> **Exercise prompt**
If a record holds a picture, drop the picture and repeat everything else word for word.

> **Exercise materials**
──────────
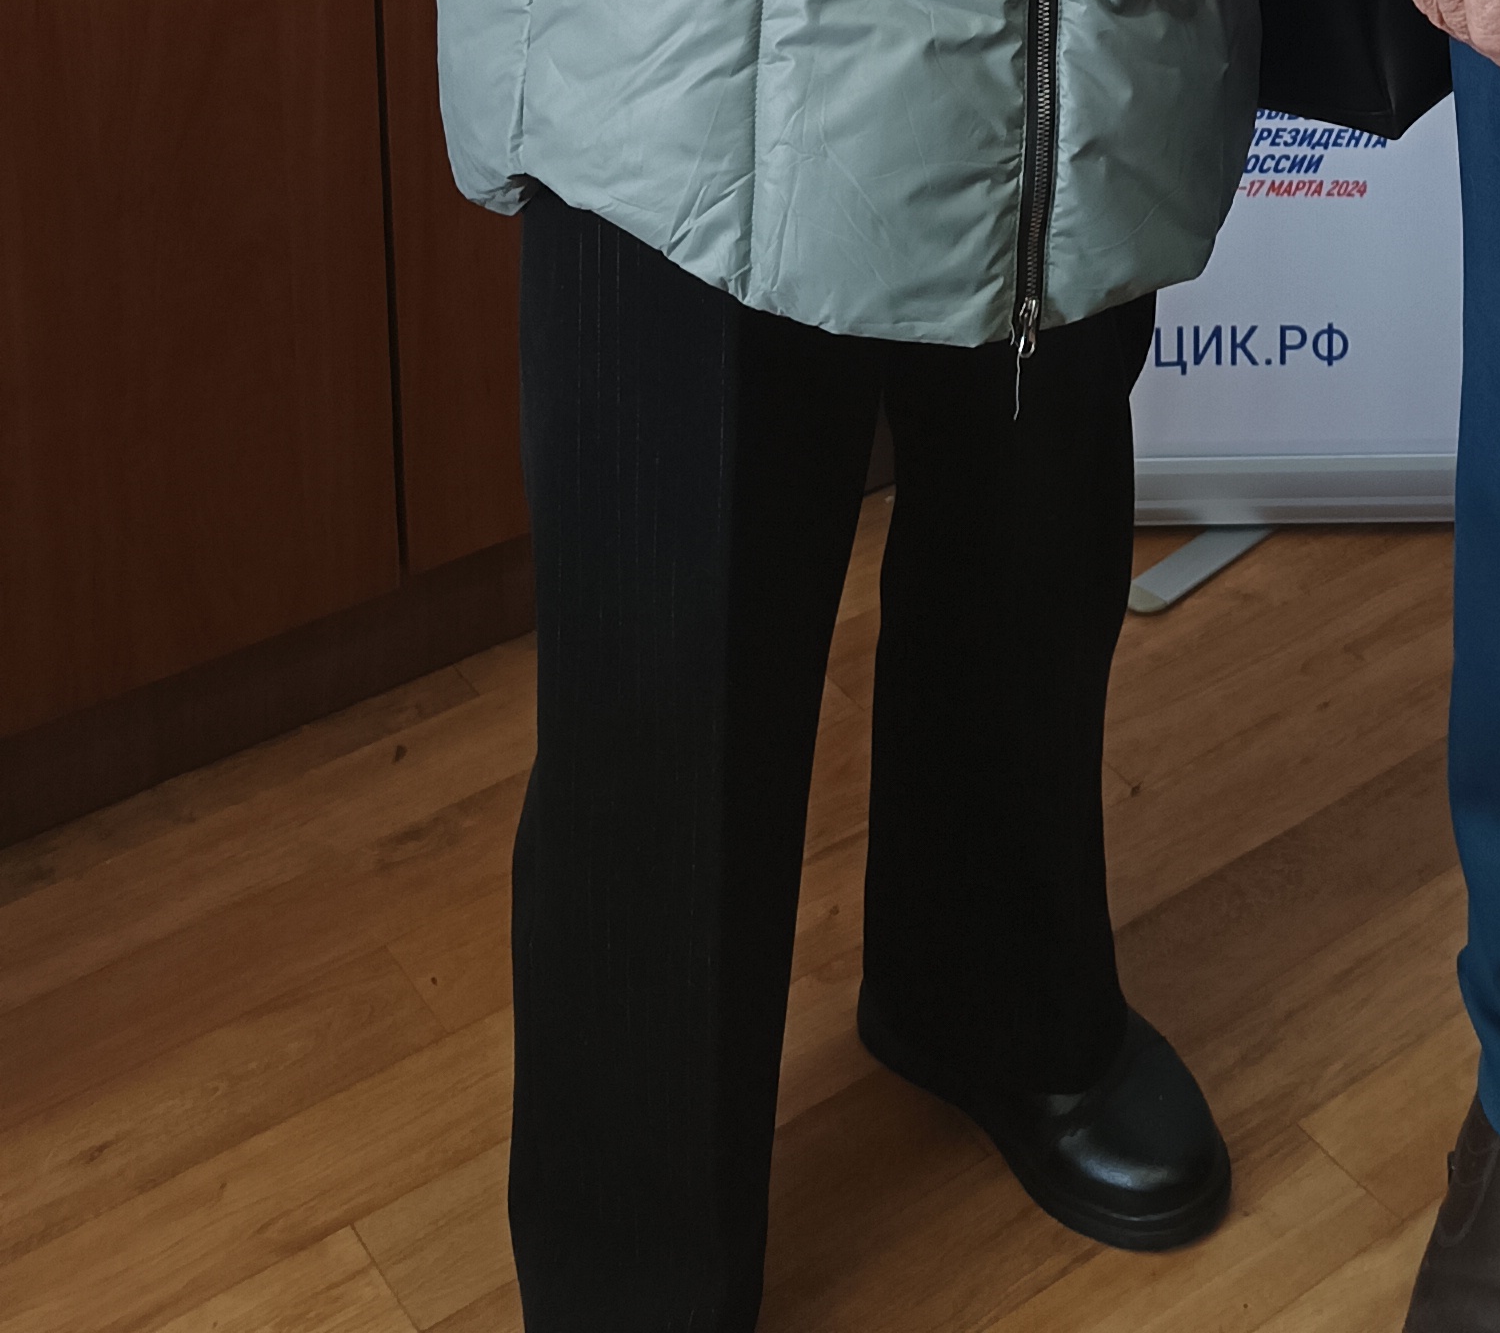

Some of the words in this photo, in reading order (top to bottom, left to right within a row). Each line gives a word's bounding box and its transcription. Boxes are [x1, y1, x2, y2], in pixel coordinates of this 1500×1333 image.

[1254, 128, 1388, 150] РЕЗИДЕНТА
[1243, 154, 1324, 174] ОССИИ
[1265, 180, 1324, 197] МАРТА
[1325, 180, 1367, 198] 2024
[1154, 322, 1349, 375] ЦИК.РФ
──────────
> **Written solution**
Some of the words in this photo, in reading order (top to bottom, left to right within a row). Each line gives a word's bounding box and its transcription. Boxes are [x1, y1, x2, y2], in pixel coordinates of this 1500×1333 image.

[1254, 128, 1388, 150] РЕЗИДЕНТА
[1243, 154, 1324, 174] ОССИИ
[1265, 180, 1324, 197] МАРТА
[1325, 180, 1367, 198] 2024
[1154, 322, 1349, 375] ЦИК.РФ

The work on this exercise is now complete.